▼▼▼

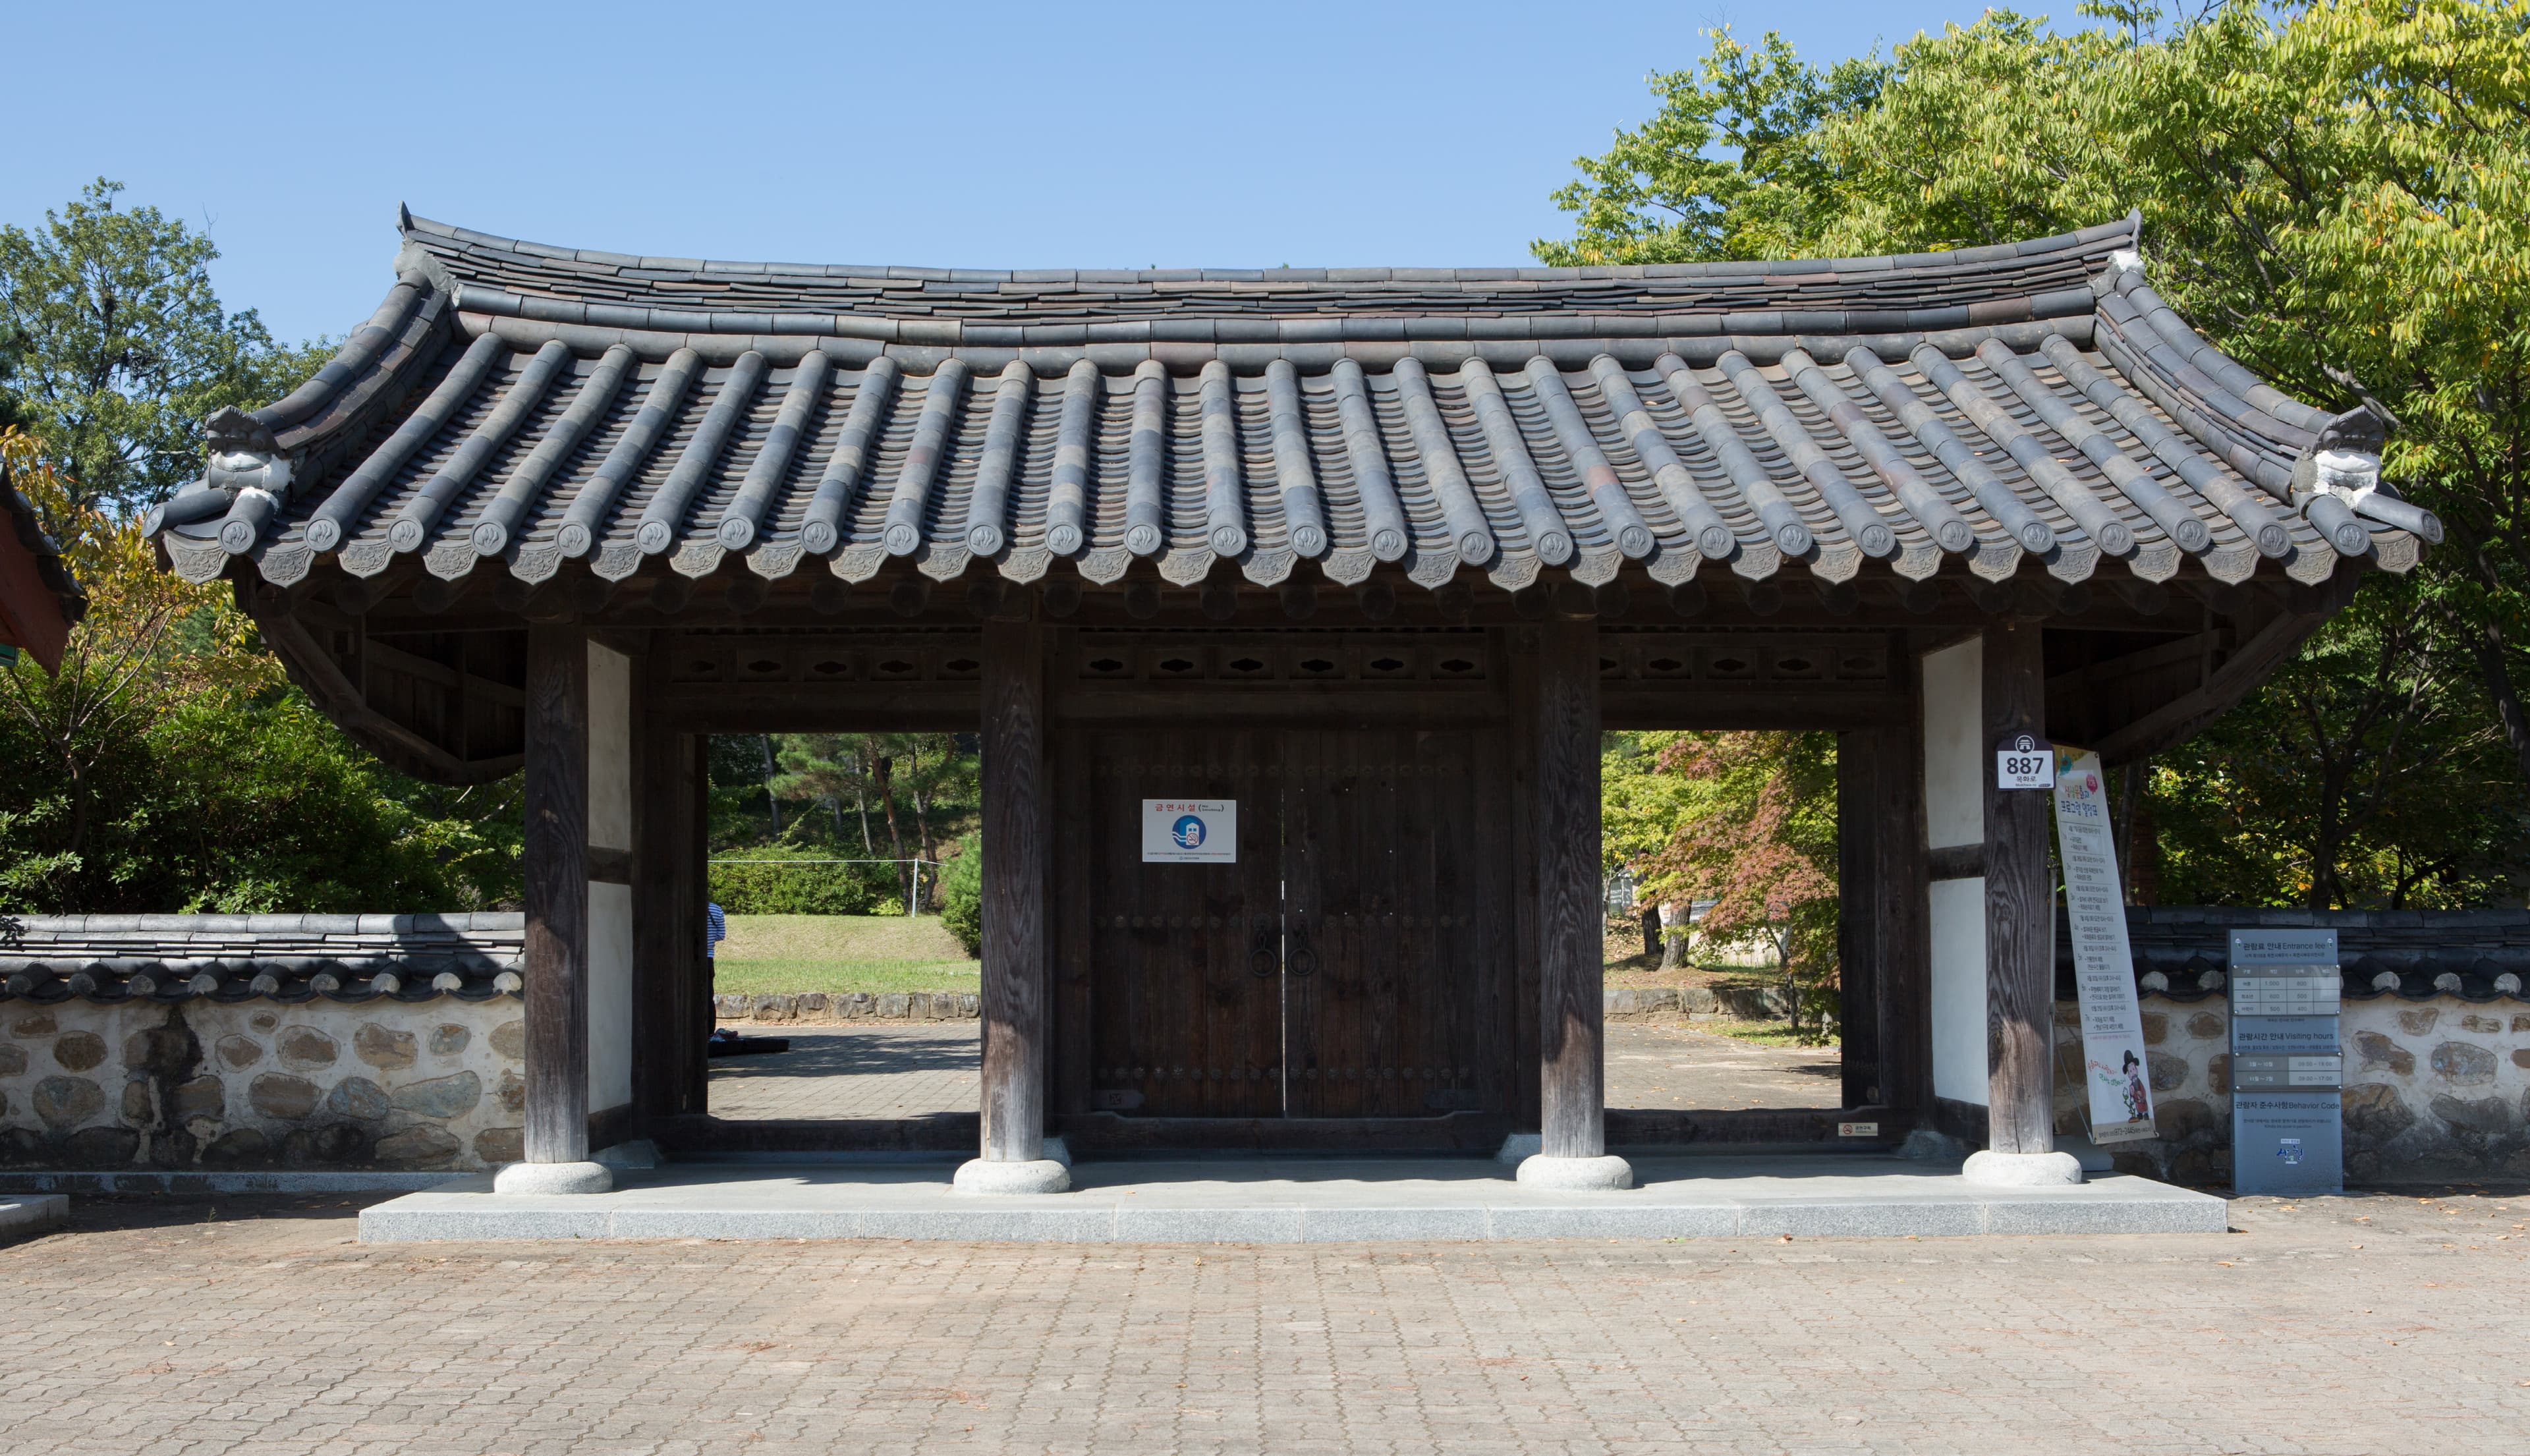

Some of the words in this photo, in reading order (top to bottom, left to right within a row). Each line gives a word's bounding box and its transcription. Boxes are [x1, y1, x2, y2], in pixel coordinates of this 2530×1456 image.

[2007, 757, 2044, 775] 887
[1154, 804, 1196, 812] 금연시설
[2238, 1032, 2268, 1041] 관람시간
[2270, 1032, 2284, 1041] 안내
[2235, 1101, 2257, 1109] 관람자
[2259, 1101, 2289, 1109] 준수사항

▲▲▲

(Task goal): Leaving out the images, repeat the listing above exactly.

(Expected answer):
Some of the words in this photo, in reading order (top to bottom, left to right within a row). Each line gives a word's bounding box and its transcription. Boxes are [x1, y1, x2, y2], in pixel coordinates of this 2530×1456 image.

[2007, 757, 2044, 775] 887
[1154, 804, 1196, 812] 금연시설
[2238, 1032, 2268, 1041] 관람시간
[2270, 1032, 2284, 1041] 안내
[2235, 1101, 2257, 1109] 관람자
[2259, 1101, 2289, 1109] 준수사항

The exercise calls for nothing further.